The testimonies form the basis of three Guardian films that add weight to calls this week for a full inquiry into the events surrounding Operation Cast Lead. The Israeli operation was aimed at Hamas but left about 1400 Palestinians dead, including up to 300 children.

The Israel Defence Forces refused to respond directly to the allegations against its troops, but issued statements denying the charges and insisting that international law had been observed.

The latest disclosures follow soldiers' evidence published in the Israeli press about the killing of Palestinian civilians and complaints by soldiers involved in the military operation that the rules of engagement were lax.

Amnesty International has said Hamas should be investigated for executing at least two dozen Palestinian men in an apparent bout of score-settling with rivals and alleged collaborators while Operation Cast Lead was under way.

Human rights groups say the vast majority of offences were committed by Israel, and that the Gaza offensive was a disproportionate response to Hamas rocket attacks. Since 2002, 21 Israelis have died from Hamas rockets fired out of Gaza. During Operation Cast Lead, three Israeli civilians died, six Israeli soldiers were killed by Palestinian fire and four were killed by friendly fire.

"Only an investigation mandated by the UN Security Council can ensure Israel's co-operation, and it's the only body that can secure some kind of prosecution," said Amnesty's Donatella Rovera, who spent two weeks in Gaza investigating war crimes allegations. "Without a proper investigation there is no deterrent. The message remains the same: 'It's OK to do these things, there won't be any real consequences.' "

Some of The Guardian's most dramatic testimony came from three teenage brothers in the Attar family. They describe how they were taken from home at gunpoint, made to kneel in front of Israeli tanks to deter Hamas fighters from firing, and sent by Israeli soldiers into Palestinian houses to clear them.

Medics and ambulance drivers said they were targeted when they tended the wounded. Sixteen were killed. According to the World Health Organisation, more than half Gaza's 27 hospitals and 44 clinics were damaged by Israeli bombs.

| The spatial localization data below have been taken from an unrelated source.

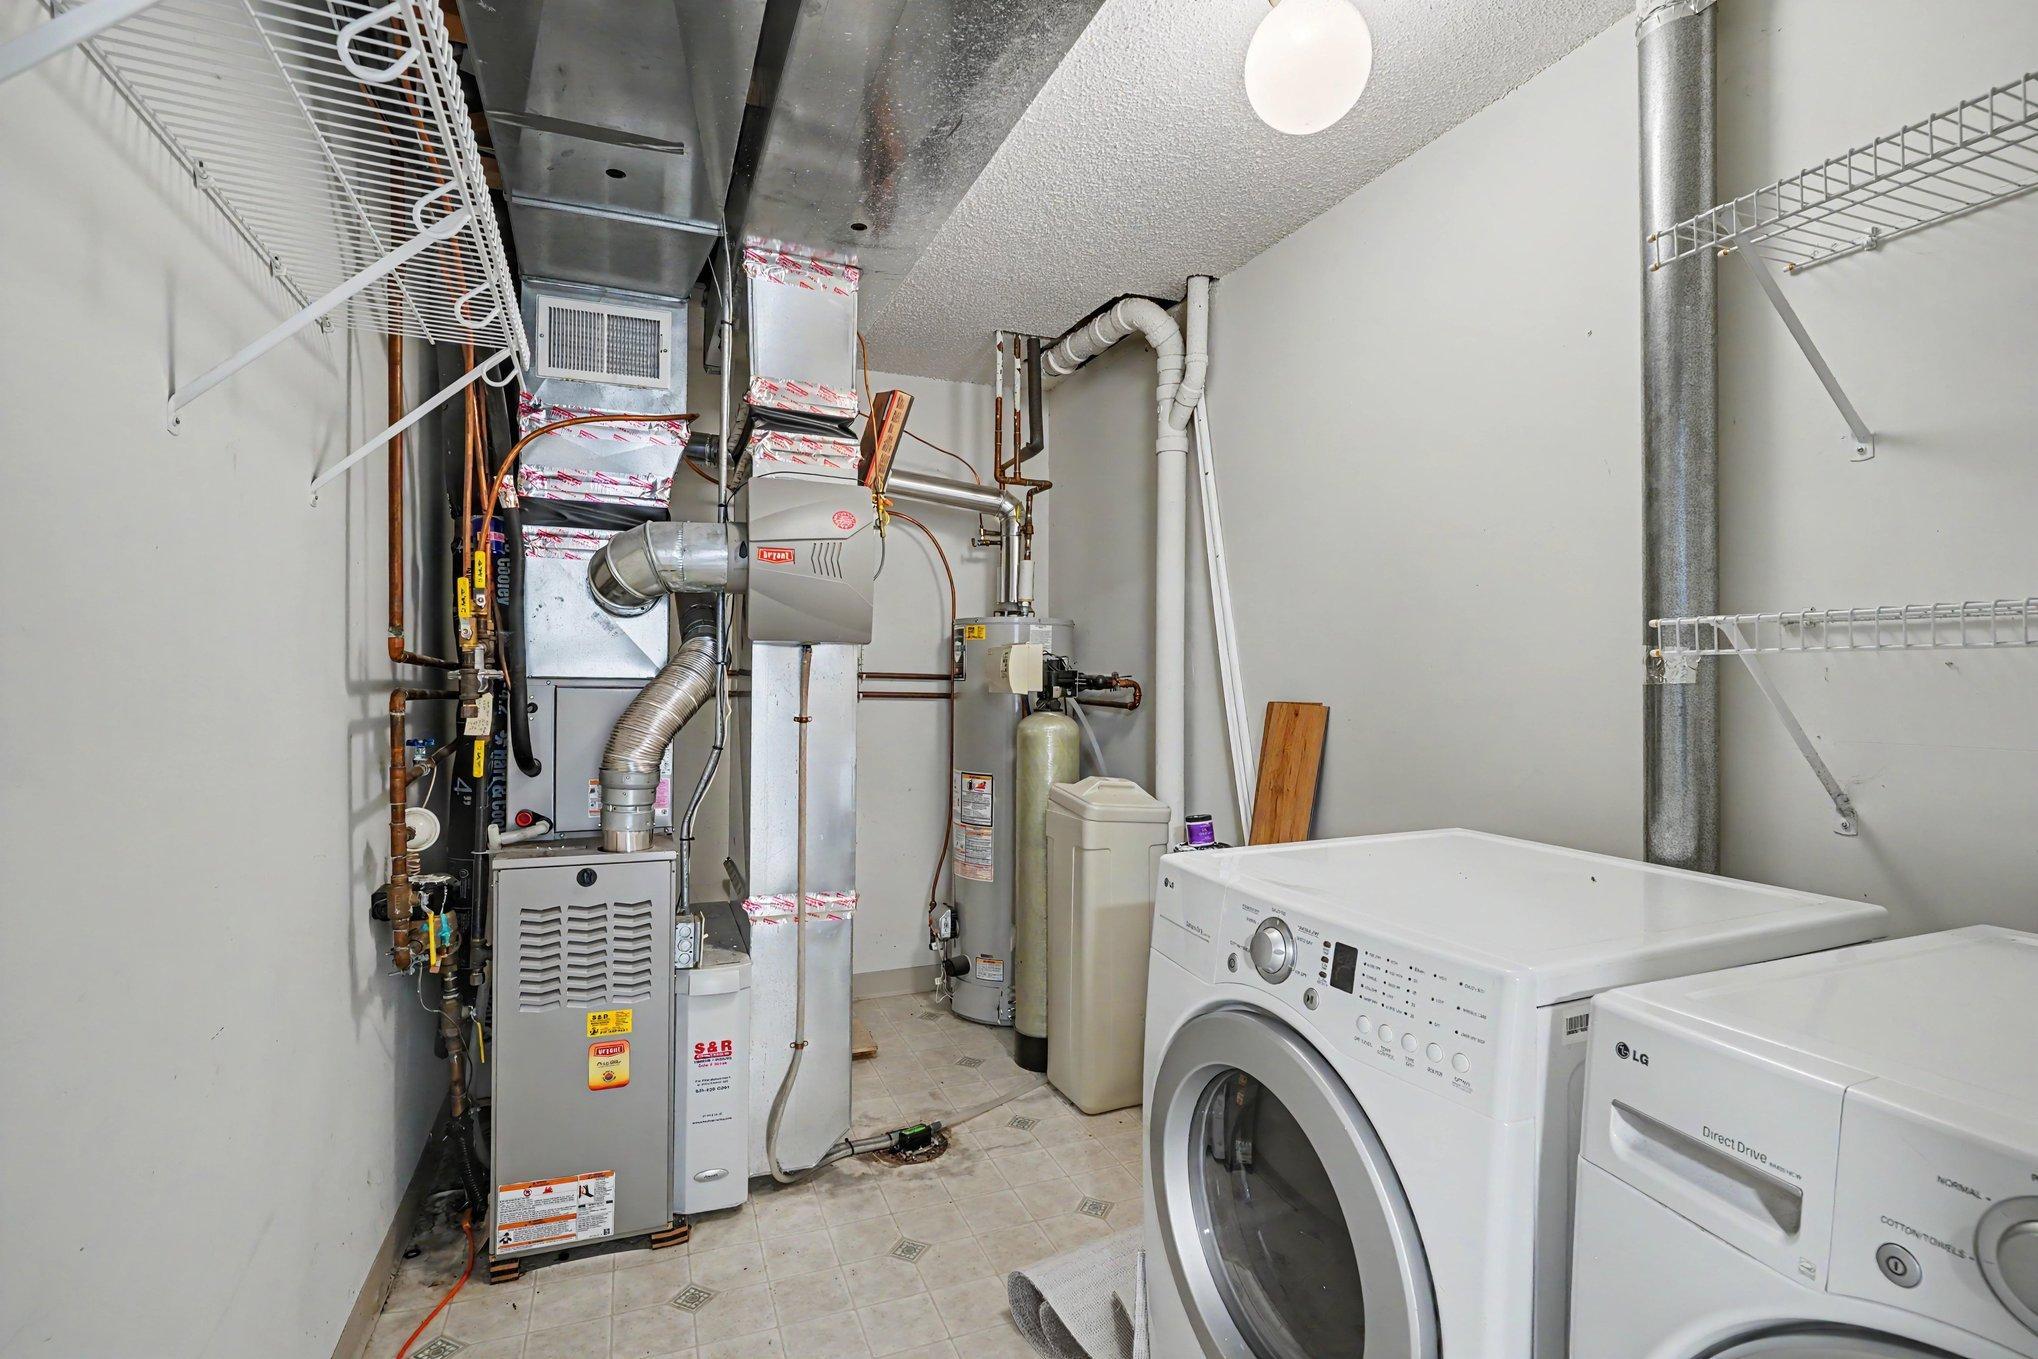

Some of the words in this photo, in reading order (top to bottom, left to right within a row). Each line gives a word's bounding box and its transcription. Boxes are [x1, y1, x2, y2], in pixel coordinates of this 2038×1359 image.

[763, 551, 789, 561] bryant
[497, 557, 511, 606] Cooley
[694, 1042, 705, 1054] S
[707, 1041, 718, 1053] &
[721, 1039, 732, 1052] R
[1632, 1050, 1649, 1067] LG
[1702, 1125, 1735, 1150] Direct
[1737, 1141, 1767, 1164] Drive
[1937, 1175, 1983, 1200] NORMAL
[1880, 1215, 1966, 1260] COTTON/TOWELS
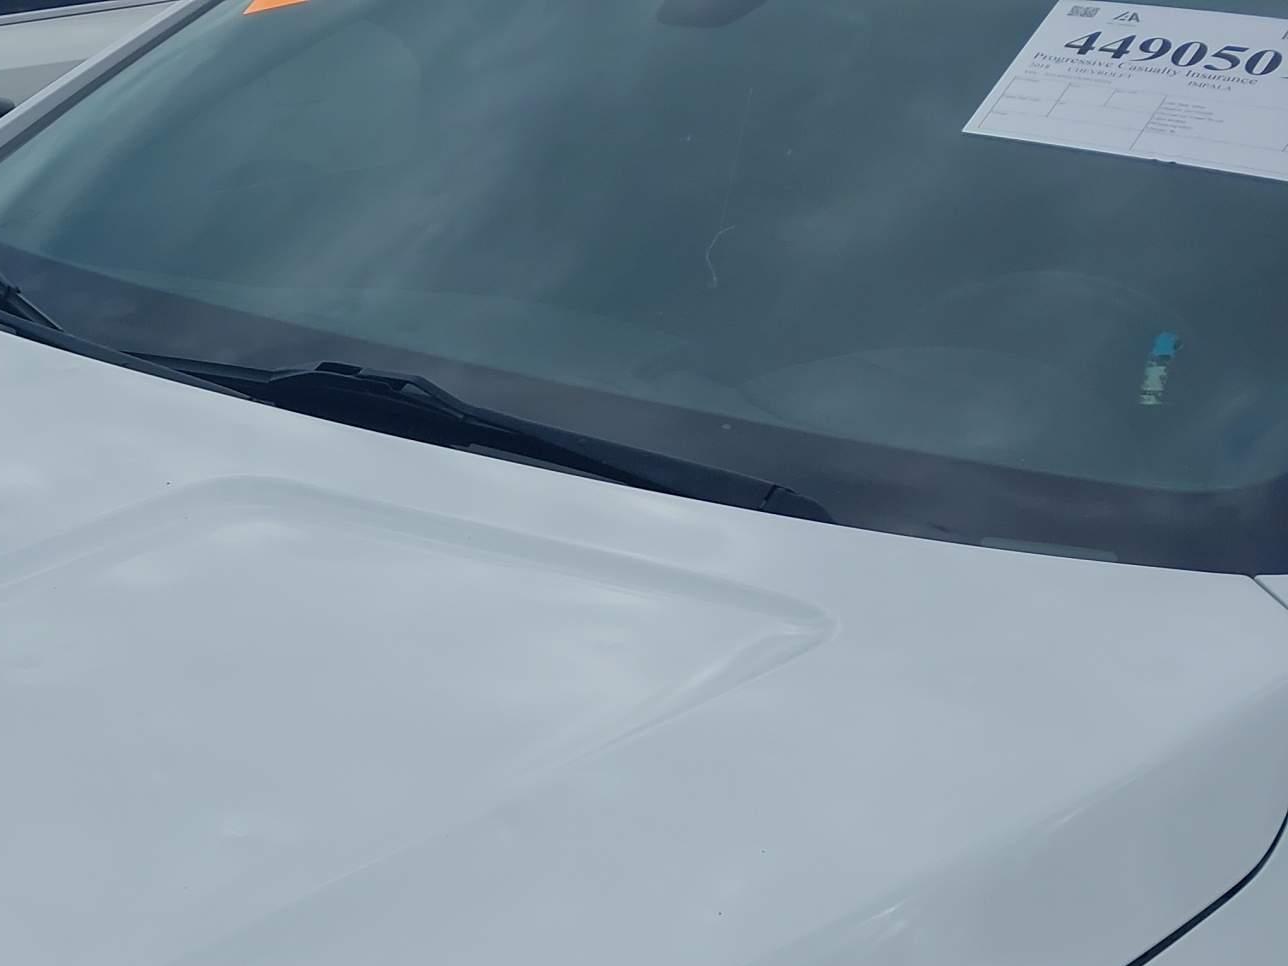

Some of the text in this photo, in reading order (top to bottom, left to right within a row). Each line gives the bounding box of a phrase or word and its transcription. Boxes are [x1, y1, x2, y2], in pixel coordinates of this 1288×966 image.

[1033, 51, 1114, 68] Progressive
[1118, 62, 1179, 77] Casualty
[1186, 70, 1258, 85] Insurance
[1064, 31, 1288, 78] 449050
[1188, 81, 1232, 91] IMPALA

In a report released yesterday, Physicians for Human Rights-Israel said there was "certainty" that Israel violated international humanitarian law during the war, with attacks on medics, damage to medical buildings, indiscriminate attacks on civilians and delays in medical treatment for the injured.

"We have noticed a stark decline in IDF morals concerning the Palestinian population of Gaza, which in reality amounts to a contempt for Palestinian lives," said Dani Filc, chairman of Physicians for Human Rights-Israel.

The Guardian gathered testimony on missile attacks by Israeli drones against clearly distinguishable civilian targets. In one case a family of six were killed when a missile hit the courtyard of their house. Israel has not admitted using drones but experts say their optical equipment is good enough to identify individual items of clothing worn by targets.

The Geneva Conventions and customary law make it clear that medical workers and hospitals are not legitimate targets in warfare and forbid the use of involuntary human shields.

Lawyers say the use of armed drones in conflict should be necessary and proportionate.

The Israeli military issued a statement responding to the claims. "The IDF operated in accordance with the rules of war and did the utmost to minimise harm to civilians uninvolved in combat. The IDF's use of weapons conforms to international law."

The IDF said an investigation was under way into allegations that hospitals were targeted. It said in a statement that Israeli soldiers were under standing orders to avoid harming medics, but added: "However, in light of the difficult reality of warfare in the Gaza Strip carried out in urban and densely populated areas, medics who operate in the area take the risk upon themselves."

The use of human shields was outlawed by Israel's Supreme Court in 2005 after a string of incidents. The IDF said only Hamas used human shields by launching attacks from civilian areas.

An Israeli embassy spokesman said any allegations were suspect because of Hamas pressure on witnesses.

But the accounts gathered by The Guardian are supported by the findings of human rights organisations and soldiers' testimony published in Israel.

An IDF squad leader is quoted in the daily newspaper Haaretz as saying his soldiers interpreted the rules to mean "We should kill everyone there (in the centre of Gaza). Everyone there is a terrorist."